Mudar de método contracetivo

terça-feira, julho 22, 2014 Ariadne 0 Comments

Já vos tinha dito antes que mudei de método contracetivo (ver aqui); mudei da pílula para o implante.

Comecei a tomar a pílula aos 18 anos, parei durante 3 anos, voltei a tomar durante outros 3 anos até que comecei a ficar farta de ter de tomar aquele pequeno comprimido todos os dias, à mesma hora, durante 21 dias, para 7 dias e recomeçar tudo de novo. Havia mesmo dias em que me esquecia de tomar à mesma hora, tendo até esquecido de tomar no próprio dia durante algumas vezes. Depois na altura da pausa, quando o período não aparecia da noite de sábado para domingo, vinha o stress (apesar de saber que era impossível estar grávida).

Comecei a pesquisar sobre outros métodos, especialmente de longa duração. Sei que não quero filhos nos próximos 4 a 5 anos, por isso, optei por um método contracetivo que fosse prático e de longa duração. Decidi-me pelo implante, marquei consulta de planeamento familiar, discuti a situação com o médico, ele concordou comigo e marcámos consulta para colocar o implante no primeiro/segundo dia do período (para se ter a certeza absoluta de que não estava grávida).

Nos primeiros tempos ainda tinha aquela sensação de que tinha a pílula para tomar e que me tinha esquecido, mas logo me lembrava que já não tomo a pílula.
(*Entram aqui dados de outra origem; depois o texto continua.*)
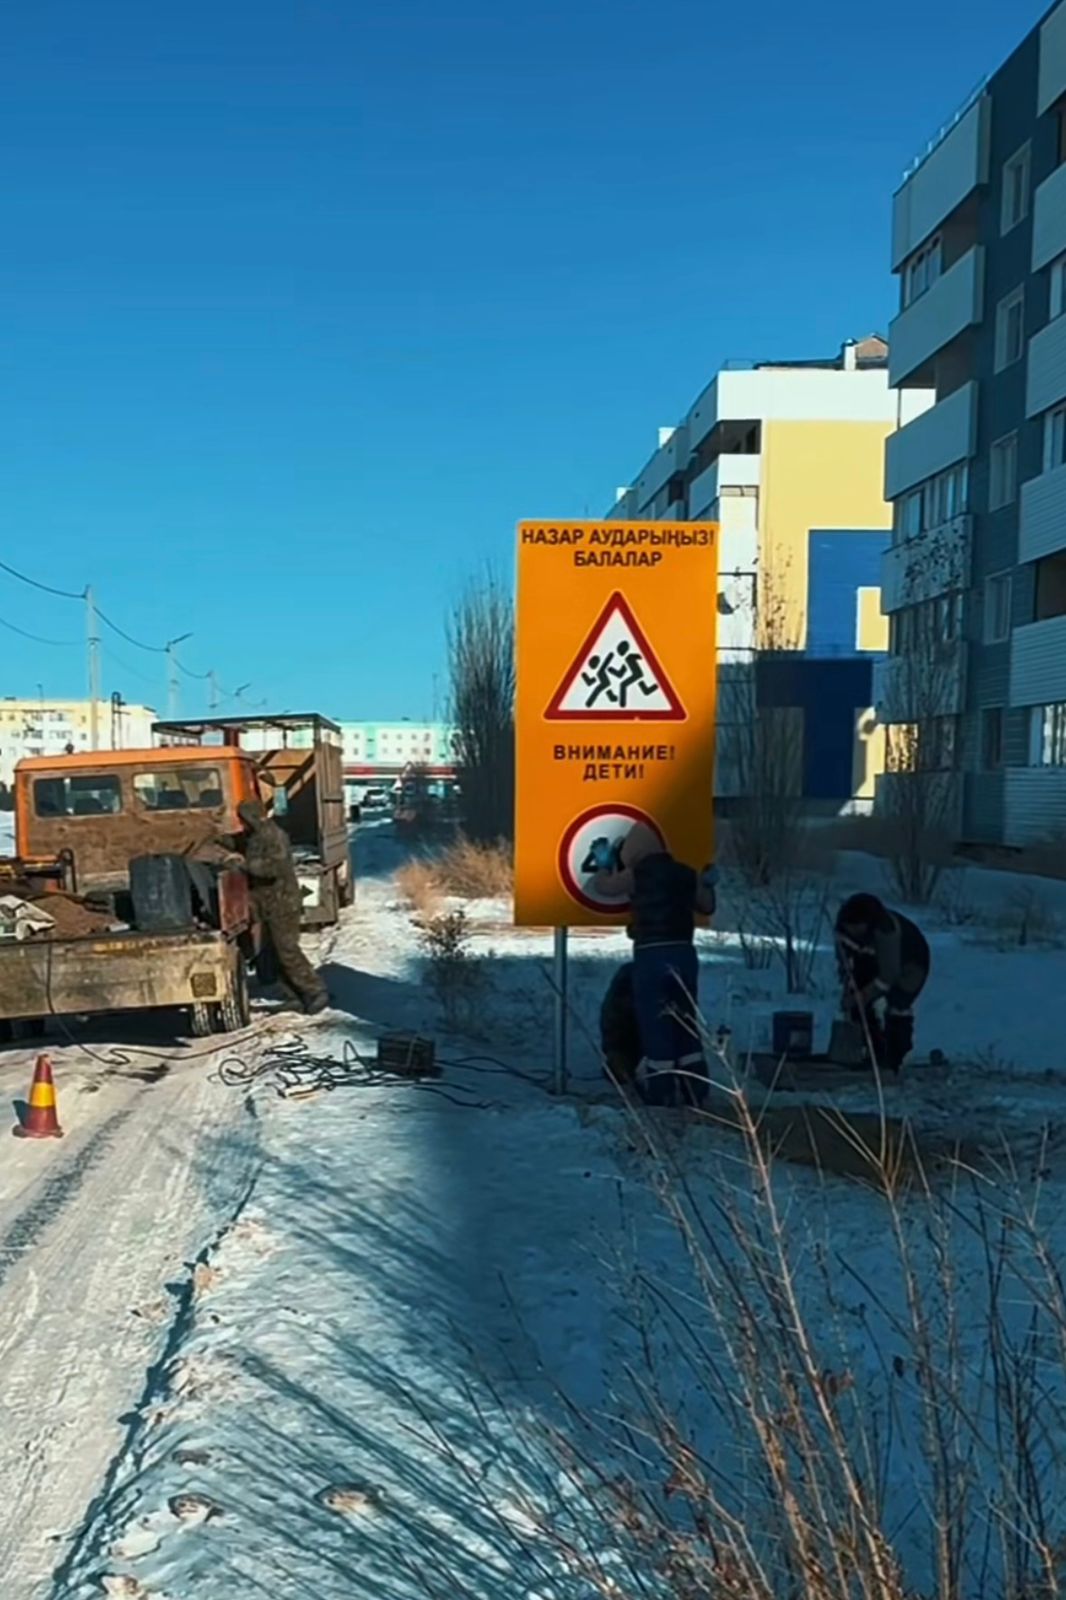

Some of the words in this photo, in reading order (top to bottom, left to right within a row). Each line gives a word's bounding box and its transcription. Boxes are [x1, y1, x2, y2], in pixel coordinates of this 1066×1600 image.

[522, 528, 584, 545] НАЗАР
[589, 528, 714, 548] АУДАРЫҢЫЗ!
[573, 551, 662, 567] БАЛАЛАР
[553, 745, 676, 760] ВНИМАНИЕ!
[583, 764, 644, 781] ДЕТИ!
A maior parte das mulheres tira o implante devido a irregularidades no padrão menstrual, ou seja, tem sangramentos incertos durante o mês e isso incomoda, é claro que sim; não saber quando se vai ter uma perda de sangue é muito chato. Felizmente, não faço parte desse grupo e nunca mais tive o período (ai que descanso!).

Estou de facto muito contente com a minha escolha. O mais-que-tudo estranha e não confia, mas a eficácia do implante é igual à da pílula, com a vantagem de as minhas dores de cabeça terem diminuído um pouco (não a intensidade - credo, isso continua igual! -, mas a frequência).

Para quem está interessado em mudar de método contracecional é sempre melhor falar com o médico primeiro. Mesmo eu que estou dentro do assunto e compreendo complicações e ramificações, discuti o assunto com o médico antes de mudar.